Data under study:
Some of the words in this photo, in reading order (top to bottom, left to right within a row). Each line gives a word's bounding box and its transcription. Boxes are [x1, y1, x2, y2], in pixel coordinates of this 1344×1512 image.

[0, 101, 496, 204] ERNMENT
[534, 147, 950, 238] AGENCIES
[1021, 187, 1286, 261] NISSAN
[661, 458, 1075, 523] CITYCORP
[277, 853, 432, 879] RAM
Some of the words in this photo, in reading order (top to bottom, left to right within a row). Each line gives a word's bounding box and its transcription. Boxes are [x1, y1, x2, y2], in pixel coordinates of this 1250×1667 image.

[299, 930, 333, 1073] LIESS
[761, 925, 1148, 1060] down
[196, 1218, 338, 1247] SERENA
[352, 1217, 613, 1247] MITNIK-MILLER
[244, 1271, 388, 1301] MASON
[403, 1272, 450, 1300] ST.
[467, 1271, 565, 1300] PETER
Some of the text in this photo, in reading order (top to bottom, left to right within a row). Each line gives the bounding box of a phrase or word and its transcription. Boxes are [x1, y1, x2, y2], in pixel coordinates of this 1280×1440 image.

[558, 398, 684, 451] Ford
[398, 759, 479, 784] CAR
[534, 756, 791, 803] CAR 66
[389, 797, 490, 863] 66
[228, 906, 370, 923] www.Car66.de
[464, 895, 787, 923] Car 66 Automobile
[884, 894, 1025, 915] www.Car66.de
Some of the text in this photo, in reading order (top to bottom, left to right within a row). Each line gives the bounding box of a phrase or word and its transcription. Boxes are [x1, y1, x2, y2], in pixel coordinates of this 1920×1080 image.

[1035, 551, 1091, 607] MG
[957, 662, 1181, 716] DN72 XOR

Problem requirements:
Copy the lines of the listing exactly. Skip none.

Output of the exercise:
Some of the words in this photo, in reading order (top to bottom, left to right within a row). Each line gives a word's bounding box and its transcription. Boxes are [x1, y1, x2, y2], in pixel coordinates of this 1344×1512 image.

[0, 101, 496, 204] ERNMENT
[534, 147, 950, 238] AGENCIES
[1021, 187, 1286, 261] NISSAN
[661, 458, 1075, 523] CITYCORP
[277, 853, 432, 879] RAM
Some of the words in this photo, in reading order (top to bottom, left to right within a row). Each line gives a word's bounding box and its transcription. Boxes are [x1, y1, x2, y2], in pixel coordinates of this 1250×1667 image.

[299, 930, 333, 1073] LIESS
[761, 925, 1148, 1060] down
[196, 1218, 338, 1247] SERENA
[352, 1217, 613, 1247] MITNIK-MILLER
[244, 1271, 388, 1301] MASON
[403, 1272, 450, 1300] ST.
[467, 1271, 565, 1300] PETER
Some of the text in this photo, in reading order (top to bottom, left to right within a row). Each line gives the bounding box of a phrase or word and its transcription. Boxes are [x1, y1, x2, y2], in pixel coordinates of this 1280×1440 image.

[558, 398, 684, 451] Ford
[398, 759, 479, 784] CAR
[534, 756, 791, 803] CAR 66
[389, 797, 490, 863] 66
[228, 906, 370, 923] www.Car66.de
[464, 895, 787, 923] Car 66 Automobile
[884, 894, 1025, 915] www.Car66.de
Some of the text in this photo, in reading order (top to bottom, left to right within a row). Each line gives the bounding box of a phrase or word and its transcription. Boxes are [x1, y1, x2, y2], in pixel coordinates of this 1920×1080 image.

[1035, 551, 1091, 607] MG
[957, 662, 1181, 716] DN72 XOR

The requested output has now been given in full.